In the diagram above, we have a configuration where a Data Store points to an external file system. When using this Data Store in a Data View, a) you can select a Data Load Range of Based on File Path Pattern Parameter in the Data View, to only pull in files with a file path that matches a specific pattern. After creating the Data View, you will need to create a Process Model. Within the Process Model, you will then need to b) create a variable with the same name as the parameter created in the Data View, within a node that serves as an input to c) an Execute Stage Task that runs the Data View. When the variable is created in part b, you can set the pattern that you want matched as the variable's value.

After creating such a Process Model, the Data View referenced by the Execute Stage Task will only pull in files from its Data Stores that match the file path pattern set in part b - when the Process Model is used to execute the Data View.

Based on File Path Parameter

This setting allows you to work with a specific file. When this option is selected, the Execute Stage Task will only pull in the specified file from its Data Stores. The path parameter value must be a sub path under the data store's root folder. For example, if the data store root is /bucket/folder, and the file is test.csv in that folder, then the parameter value should be just test.csv. The system will add the root path automatically and will not allow an alternative root path to be used. If the specified file is not found, processing will fail instead of processing zero records as the Based on File Path Pattern Parameter option does.

Historical Data Handling

Historical data handling can be used when an identity field is associated to many records that pile up/change day after day - for example, a claim that updates with new data each day.

With such a claim, historical data handling could be used to specify which record to look at, based on date - for example the most recent date available.

Historical Data Handling Example

Suppose you have a Data View with the following records:

Contents of Historical Data Handling Data View

id

date

measure

001

8/16/2016

1000

001

8/17/2016

2000

Without Historical Data Handling, this Data View would display 2 records for id 001: one record from 8/16/2016 and one record from 8/17/2016. If however you were to use Historical Data Handling, setting Identity Field to id and Date Time Field to date, the Data View would only display 1 record, from 8/17/2016. This is because Historical Data Handling displays the most recent record for each Identity Field.
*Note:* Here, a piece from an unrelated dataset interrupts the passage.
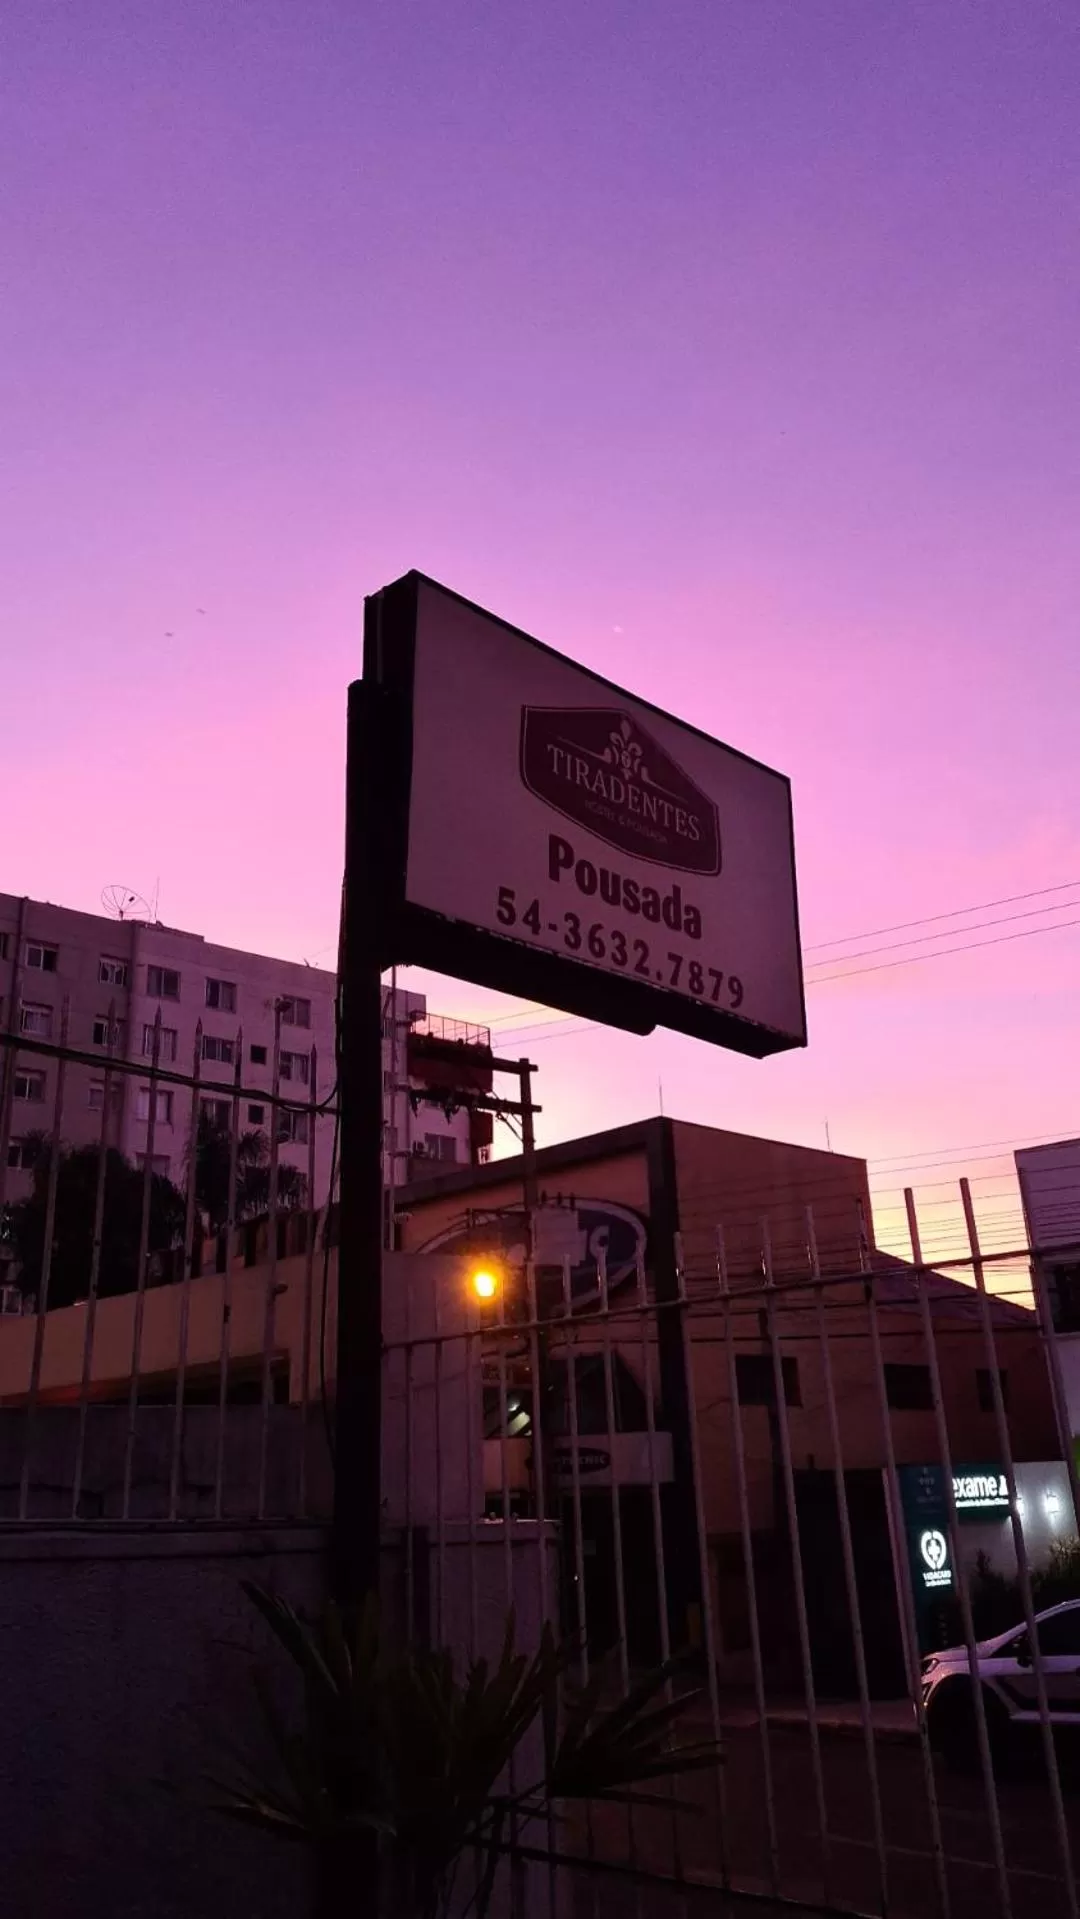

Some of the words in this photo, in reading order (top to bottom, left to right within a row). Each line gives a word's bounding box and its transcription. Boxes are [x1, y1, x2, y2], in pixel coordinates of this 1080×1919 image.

[547, 743, 701, 842] TIRADENTES
[548, 834, 702, 940] Pousada
[496, 886, 744, 1009] 54-3632.7879
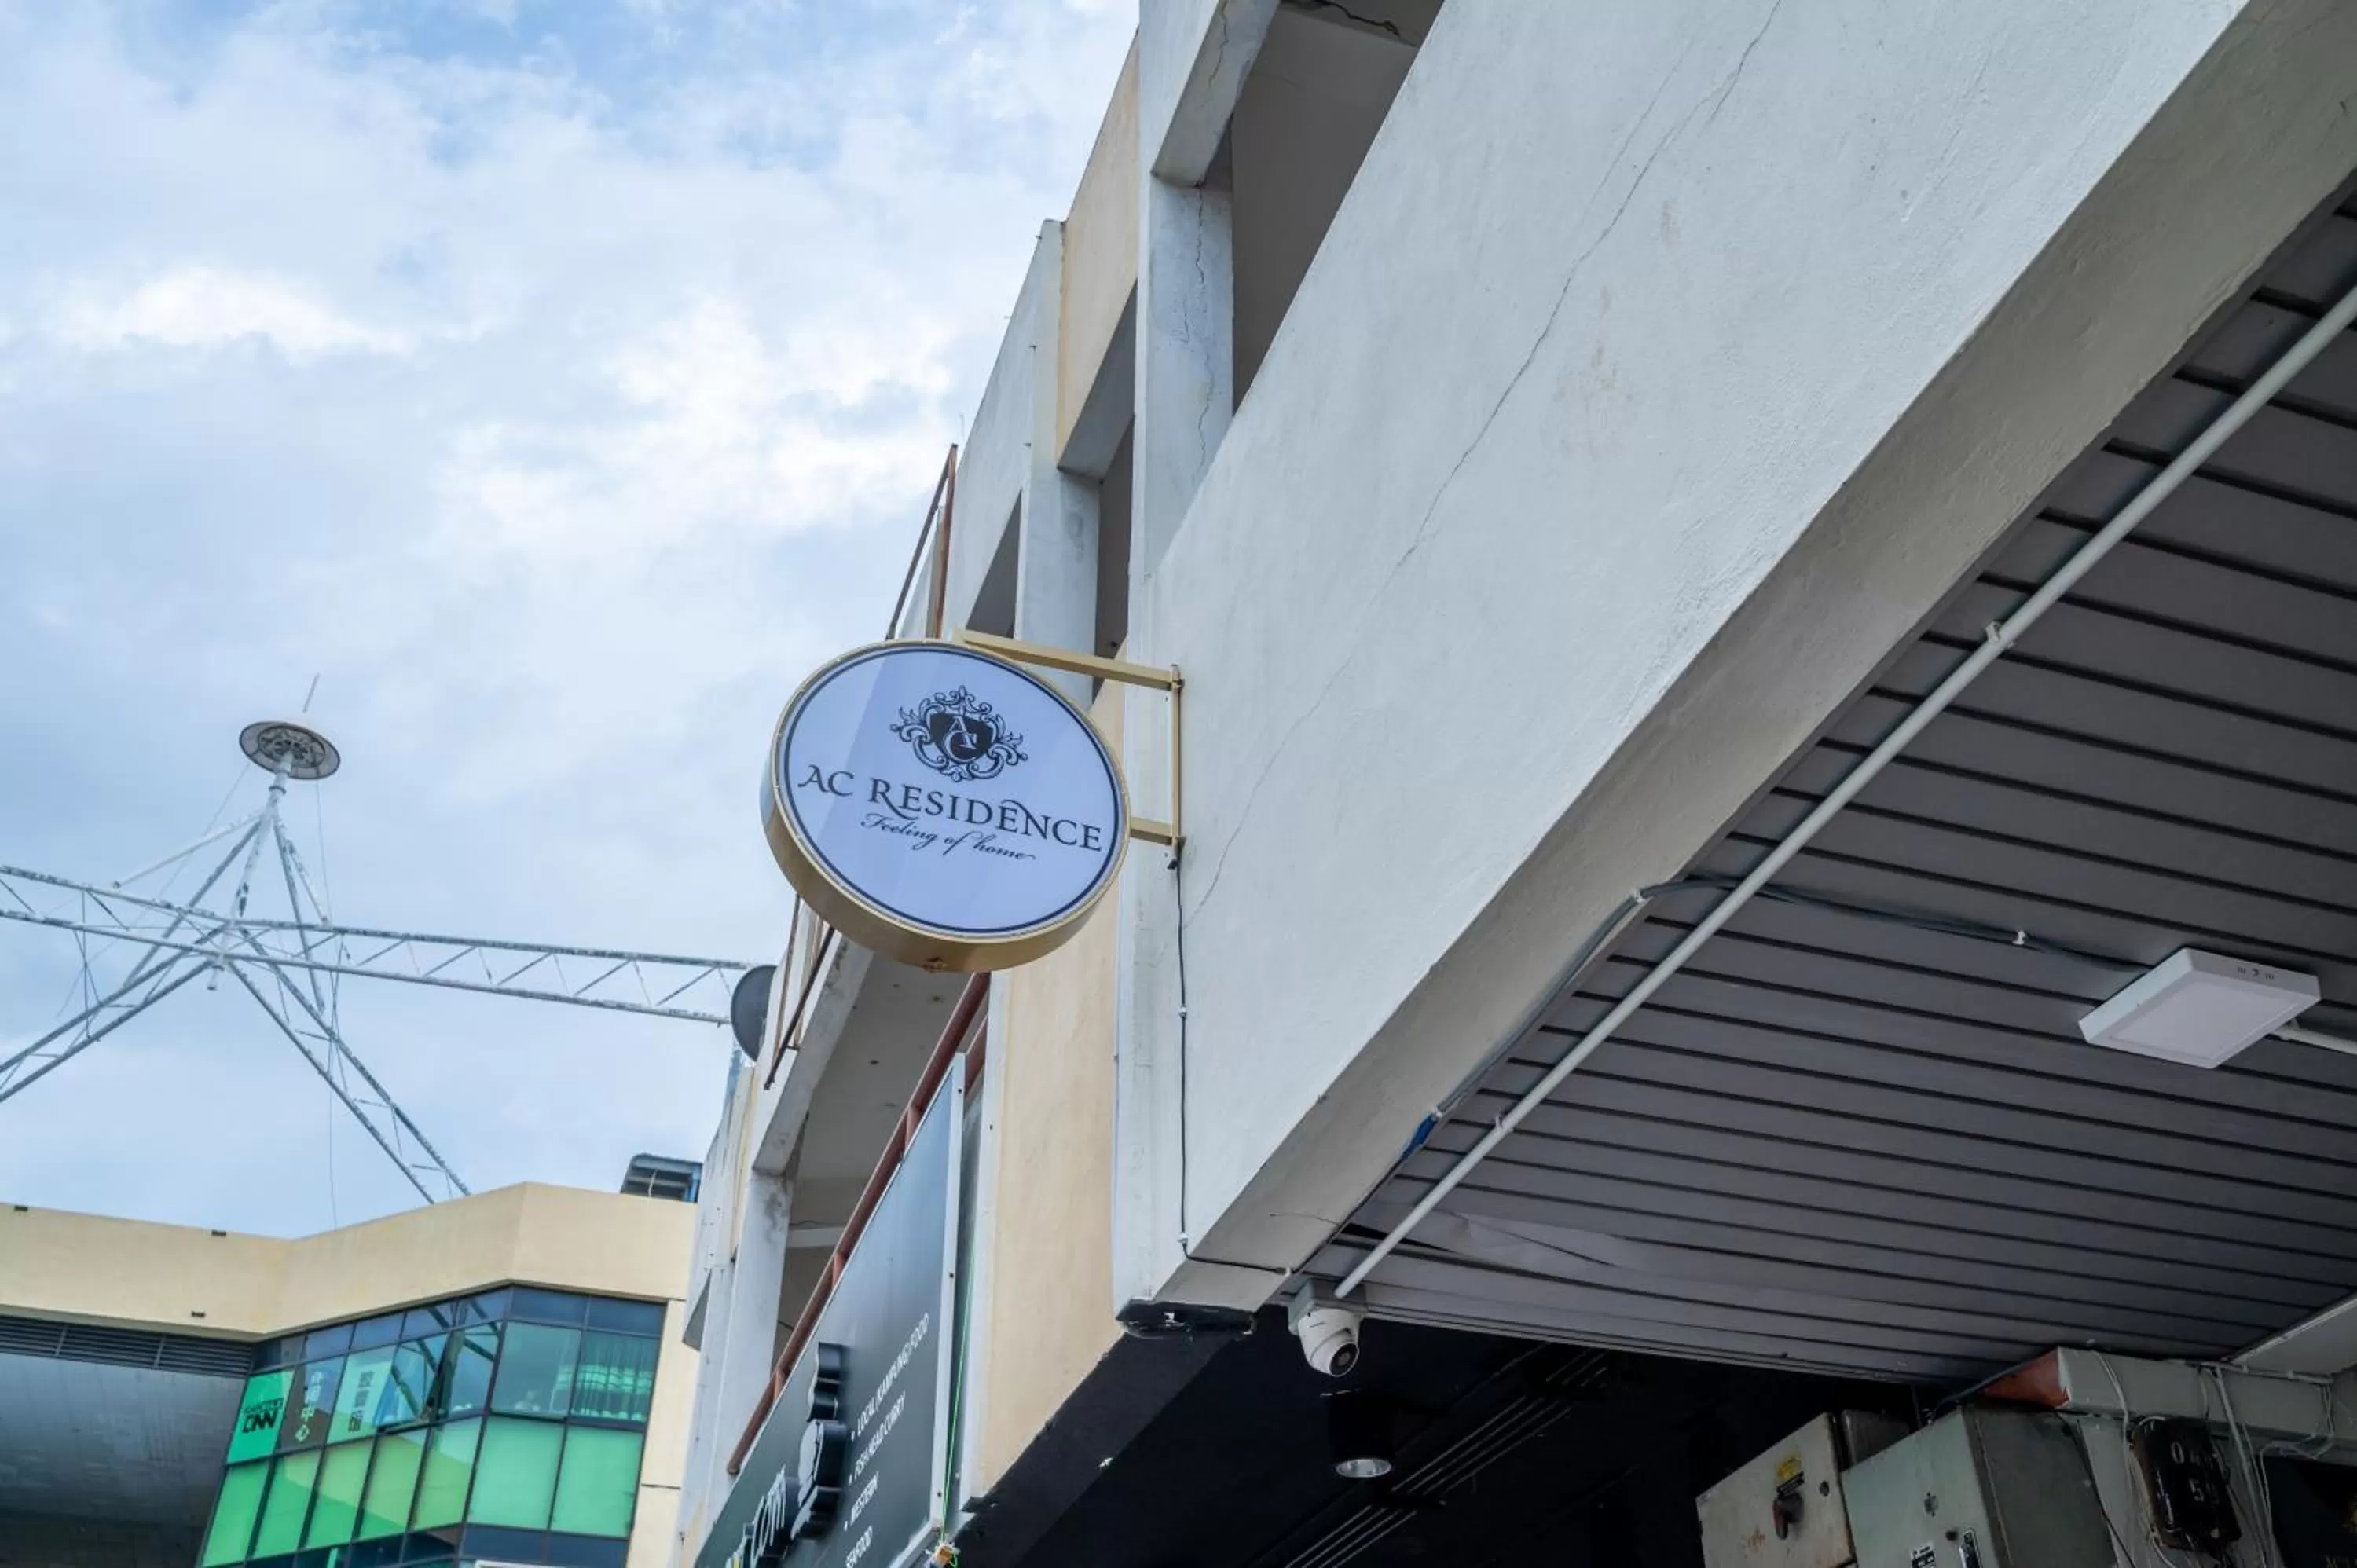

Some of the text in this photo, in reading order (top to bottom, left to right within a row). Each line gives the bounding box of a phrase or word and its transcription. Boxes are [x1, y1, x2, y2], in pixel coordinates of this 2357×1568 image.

As your Data View executes over time, the most recent record for a chosen Identity Field may change. This setting can allow you to only display that record in Dashboards.

Use History Uniquing for Queries

This check box should be checked to enable historical data handling for every query that is performed on the Data View. If the check box is not checked, historical data handling will not be performed.

Delete Duplicate Data After Load

Note: This setting is only available on the cloud edition of the product.

This setting allows you to delete any duplicate records in a Data View after the Data View loads. To utilize this feature, you first need to set an Identity Field for the Data View, so that each record within the Data View can be uniquely identified. Within the Delete Duplicate Data After Load field set, you will then need to specify a field to sort by and whether sorting should be performed in ascending or descending order.

When performing duplicate data deletion, the system will group all records by the chosen Identity Field(s), sort by the specified sort field and direction, and then retain the first record in each group.